+++ RECORD EXCERPTS +++

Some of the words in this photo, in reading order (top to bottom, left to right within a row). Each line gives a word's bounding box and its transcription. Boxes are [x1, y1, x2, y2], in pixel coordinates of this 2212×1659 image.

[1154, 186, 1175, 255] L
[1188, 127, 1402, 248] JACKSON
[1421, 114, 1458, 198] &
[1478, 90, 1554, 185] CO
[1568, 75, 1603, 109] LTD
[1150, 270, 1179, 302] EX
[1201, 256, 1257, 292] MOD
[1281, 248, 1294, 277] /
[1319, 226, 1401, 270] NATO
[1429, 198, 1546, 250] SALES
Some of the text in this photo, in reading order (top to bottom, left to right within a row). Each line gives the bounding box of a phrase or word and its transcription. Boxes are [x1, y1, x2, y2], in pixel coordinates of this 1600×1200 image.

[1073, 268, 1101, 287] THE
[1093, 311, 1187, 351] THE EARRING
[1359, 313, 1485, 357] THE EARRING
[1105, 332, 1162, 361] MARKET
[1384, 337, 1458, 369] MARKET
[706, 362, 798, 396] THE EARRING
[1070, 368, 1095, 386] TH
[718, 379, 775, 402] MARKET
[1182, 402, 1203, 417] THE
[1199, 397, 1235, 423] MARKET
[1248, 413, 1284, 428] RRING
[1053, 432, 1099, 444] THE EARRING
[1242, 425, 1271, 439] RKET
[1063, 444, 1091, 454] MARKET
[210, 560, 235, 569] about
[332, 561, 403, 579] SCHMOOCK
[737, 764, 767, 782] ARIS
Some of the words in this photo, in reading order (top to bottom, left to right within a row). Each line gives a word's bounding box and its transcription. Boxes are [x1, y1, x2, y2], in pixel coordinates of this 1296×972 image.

+++

• WHAT IS BEING ASKED
Each line above is to be reproduced exactly.

• ANSWER SPACE
Some of the words in this photo, in reading order (top to bottom, left to right within a row). Each line gives a word's bounding box and its transcription. Boxes are [x1, y1, x2, y2], in pixel coordinates of this 2212×1659 image.

[1154, 186, 1175, 255] L
[1188, 127, 1402, 248] JACKSON
[1421, 114, 1458, 198] &
[1478, 90, 1554, 185] CO
[1568, 75, 1603, 109] LTD
[1150, 270, 1179, 302] EX
[1201, 256, 1257, 292] MOD
[1281, 248, 1294, 277] /
[1319, 226, 1401, 270] NATO
[1429, 198, 1546, 250] SALES
Some of the text in this photo, in reading order (top to bottom, left to right within a row). Each line gives the bounding box of a phrase or word and its transcription. Boxes are [x1, y1, x2, y2], in pixel coordinates of this 1600×1200 image.

[1073, 268, 1101, 287] THE
[1093, 311, 1187, 351] THE EARRING
[1359, 313, 1485, 357] THE EARRING
[1105, 332, 1162, 361] MARKET
[1384, 337, 1458, 369] MARKET
[706, 362, 798, 396] THE EARRING
[1070, 368, 1095, 386] TH
[718, 379, 775, 402] MARKET
[1182, 402, 1203, 417] THE
[1199, 397, 1235, 423] MARKET
[1248, 413, 1284, 428] RRING
[1053, 432, 1099, 444] THE EARRING
[1242, 425, 1271, 439] RKET
[1063, 444, 1091, 454] MARKET
[210, 560, 235, 569] about
[332, 561, 403, 579] SCHMOOCK
[737, 764, 767, 782] ARIS
Some of the words in this photo, in reading order (top to bottom, left to right within a row). Each line gives a word's bounding box and its transcription. Boxes are [x1, y1, x2, y2], in pixel coordinates of this 1296×972 image.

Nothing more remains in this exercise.